Auckland has a reputation for being soggier than the rest of the country (with the exception of the west coast of South Island, where the rain falls up as well as down).
One of the reasons Craig and Margaret moved from Te Anau to Oamaru was the brutal climate; yet whenever we visited, we were treated to balmy sunshine. It was quite embarrassing; Margaret would insist there was horizontal snow and cyclones until the day before we arrived, and we’d be all: “Oh, SURE,” and wishing we’d packed more shorts.

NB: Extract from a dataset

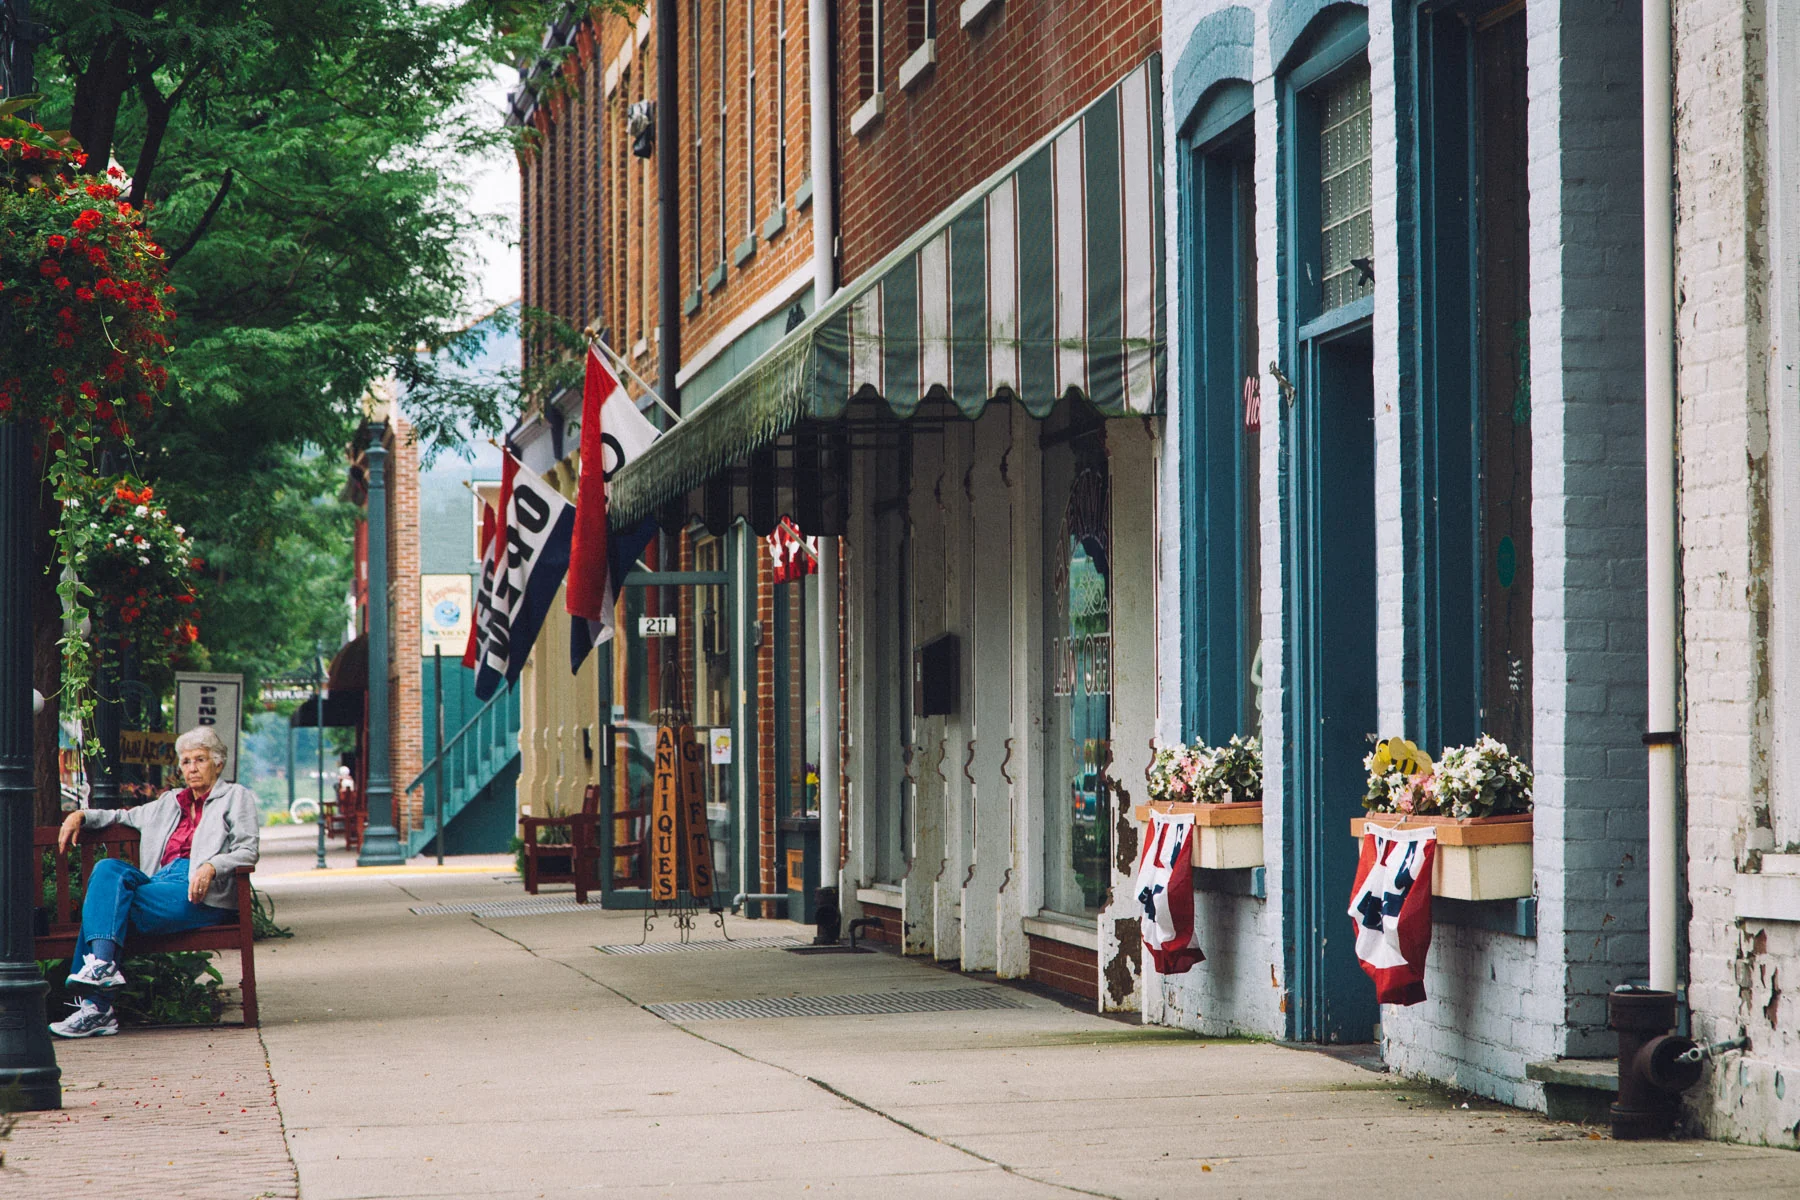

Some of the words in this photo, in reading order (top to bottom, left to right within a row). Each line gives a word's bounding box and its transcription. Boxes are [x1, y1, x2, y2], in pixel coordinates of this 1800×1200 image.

[646, 618, 668, 632] 211
[1054, 635, 1079, 696] LAW
[657, 731, 673, 896] ANTIQUES
[683, 741, 709, 887] GIFTS

In fact, on every occasion Husband and I visited New Zealand – including the hoary depths of winter 2006 – we experienced phenomenal weather . . . everywhere except Auckland.
At the end of December, we arrived in the middle of what many agreed was the warmest summer ever (although I am reminded of Dubai, where each summer everyone swears it is the hottest on record).

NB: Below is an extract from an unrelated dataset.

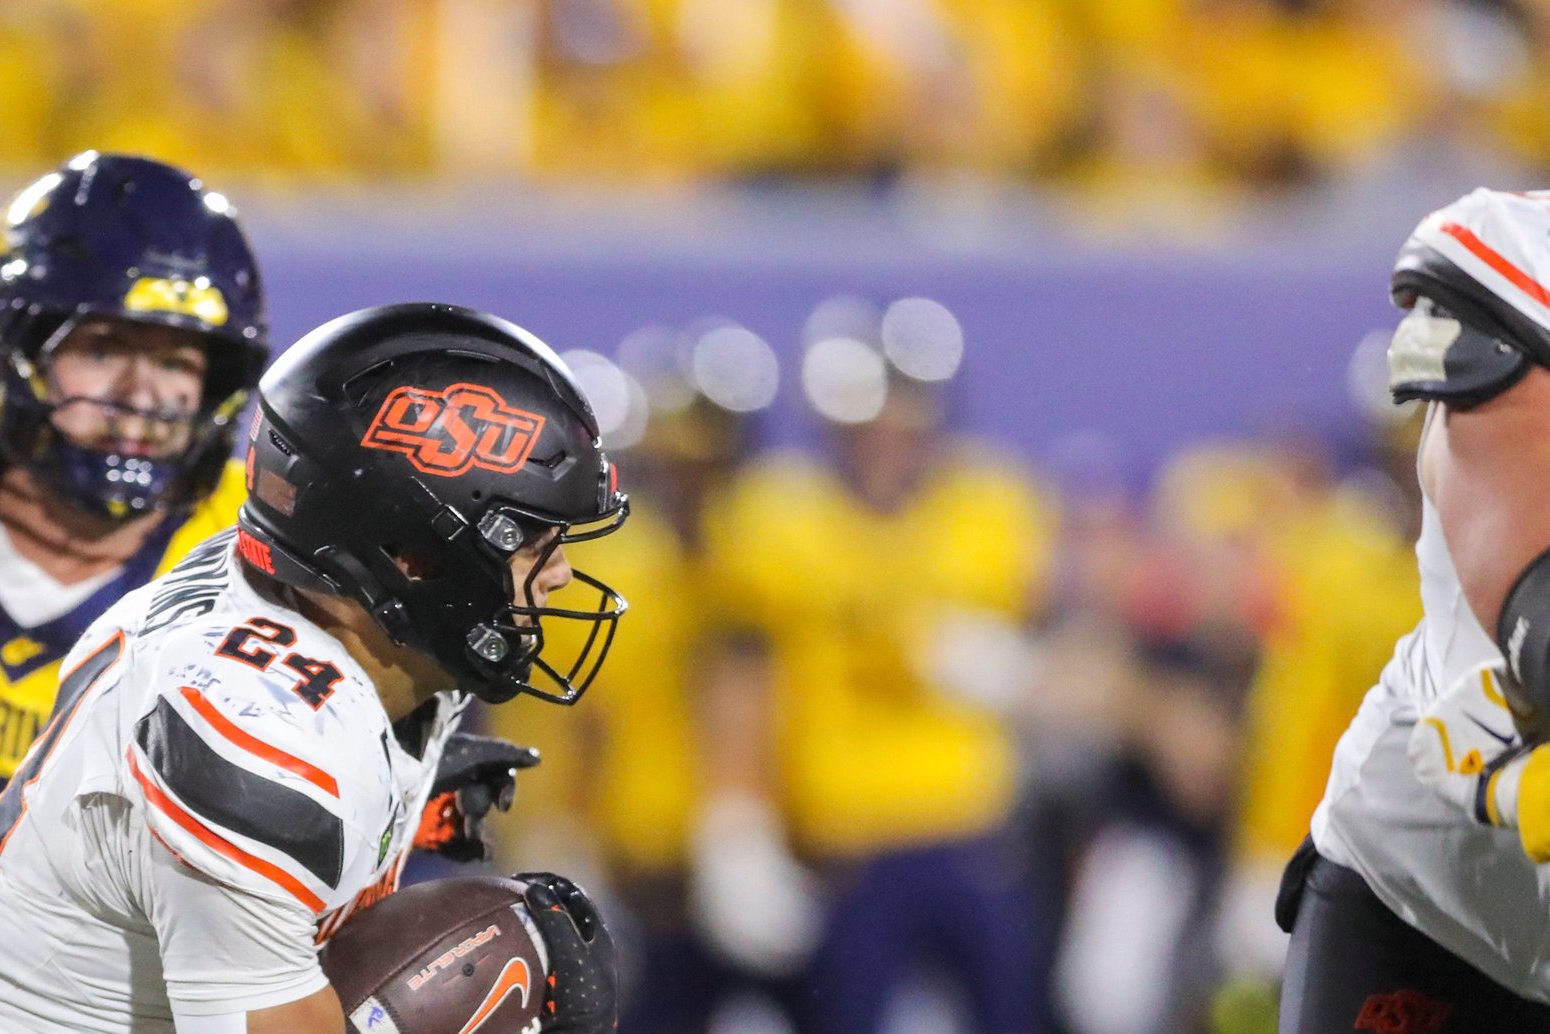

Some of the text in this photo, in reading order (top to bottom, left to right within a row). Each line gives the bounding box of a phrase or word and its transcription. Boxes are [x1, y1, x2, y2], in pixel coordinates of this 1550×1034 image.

[361, 383, 546, 478] OSU
[214, 616, 345, 712] 24
[407, 950, 455, 991] ELITE

“I can’t believe how warm it is!” people would exclaim, and then: “not for you, I suppose, coming from the Middle East,” not noticing my face stuck to a glass as I vainly attempted to deflame my facial capillaries. Auckland City was indeed clement.

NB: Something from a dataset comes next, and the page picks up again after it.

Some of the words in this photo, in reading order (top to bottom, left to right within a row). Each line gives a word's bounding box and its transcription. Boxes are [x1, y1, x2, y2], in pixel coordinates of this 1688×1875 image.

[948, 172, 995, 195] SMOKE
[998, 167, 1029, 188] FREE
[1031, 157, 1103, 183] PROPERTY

Then we moved to Waitakere. It is at least 2˚ cooler than the city and everyone warned us of the savage climate up on the range. Yet within a month our water tank dried up and we had to order a delivery of 10,000 litres from the Council.
Inevitably, the day after the water truck came, it started pelting down and didn’t stop for nearly a week.
This morning, we woke to driving rain churning up thick fog. Three hours later, the sun is gently steaming the ground.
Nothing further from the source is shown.